Identifies the start position, barcode sequence, and mapping strand for each read pair in the supplied BAM file. If both reads in one or more reads share the same start position, mapping strand, and barcode sequence (within mismatch tolerance), they are flagged as a “family”, and merged into a single consensus sequence. If family members disagree at a given position, the most common base is used as a consensus. In the case of a tie, the base with the highest aggregated quality score across all family members is used. The quality of each base set to the highest quality base at that position.

Run Using

produse collapse


python /path/to/ProDuSe/ProDuSe/


-c –config:A configuration file which can supply any of the arguments below. See the config page for more details.
-i –input:Input SAM/CRAM/BAM file. Each read must contain a read tag which stores adapter sequences
-o –output:Output SAM/CRAM/BAM file containing collapsed reads (Use “-” for stdout). The output file format will be chosen based upon the supplied file extension, or if “-” is used, will be the same as the input file format. Will be unsorted.
-fm –family_mask:
Positions in the barcode sequence to use when comparing barcode sequences between reads which originate from the same parental strand.
1=Use this position, 0=Do not use this position.
-dm –duplex_mask:
The positions in the adapter sequence to use when comparing adapter sequences for reads of opposing types (i.e. forward vs reverse reads).
1=Use this position, 0=Do not use this position.
-fmm –family_max_mismatch:
 The maximum number of mismatches allowed between the barcode sequence of two read pairs before two read pairs are considered members of different families (See -fm).
-dmm –duplex_max_mismatch:
 The maximum number of mismatches allowed between the barcode sequence of two families before they are considered as not in duplex (See -dm).
-r –reference:Reference genome, in FASTA format. Must be the same genome version that the reads were aligned against.
-t –targets:A BED3 file or better listing regions of interest.

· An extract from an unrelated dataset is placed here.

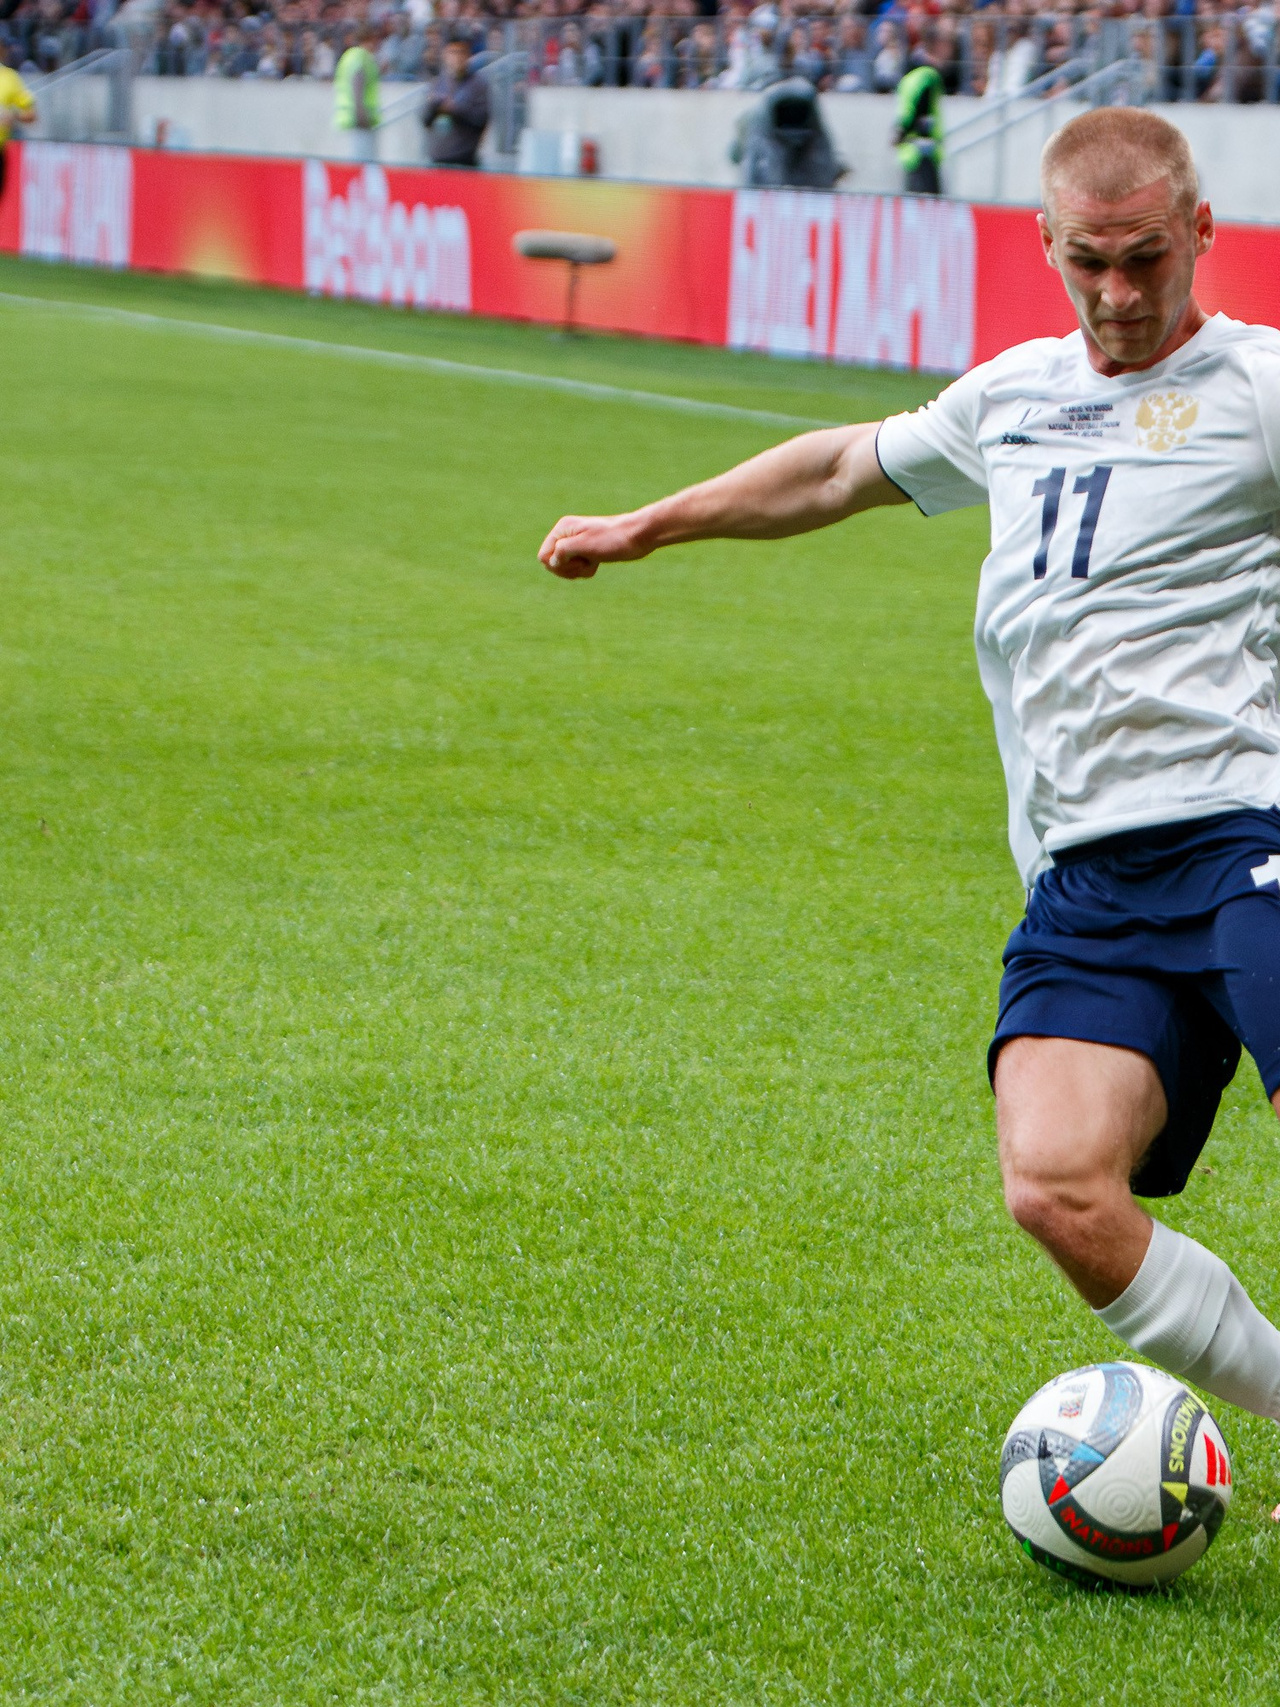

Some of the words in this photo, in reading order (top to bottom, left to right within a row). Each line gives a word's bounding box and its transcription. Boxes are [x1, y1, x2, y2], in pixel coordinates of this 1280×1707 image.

Any read pairs which fall entirely outside these regions will be discarded
 Store the original name of all reads which were incorporated into a family in the read tag “Zm”

Additional Considerations

The runtime of Collapse depends not only on the absolute number of reads, but the proportion of reads which are duplicates. BAM files with high duplicate rates will take significantly longer than BAM files with a lower duplicate rate.

Currently, this version of Collapse does not perform local realignment of soft-clipped regions.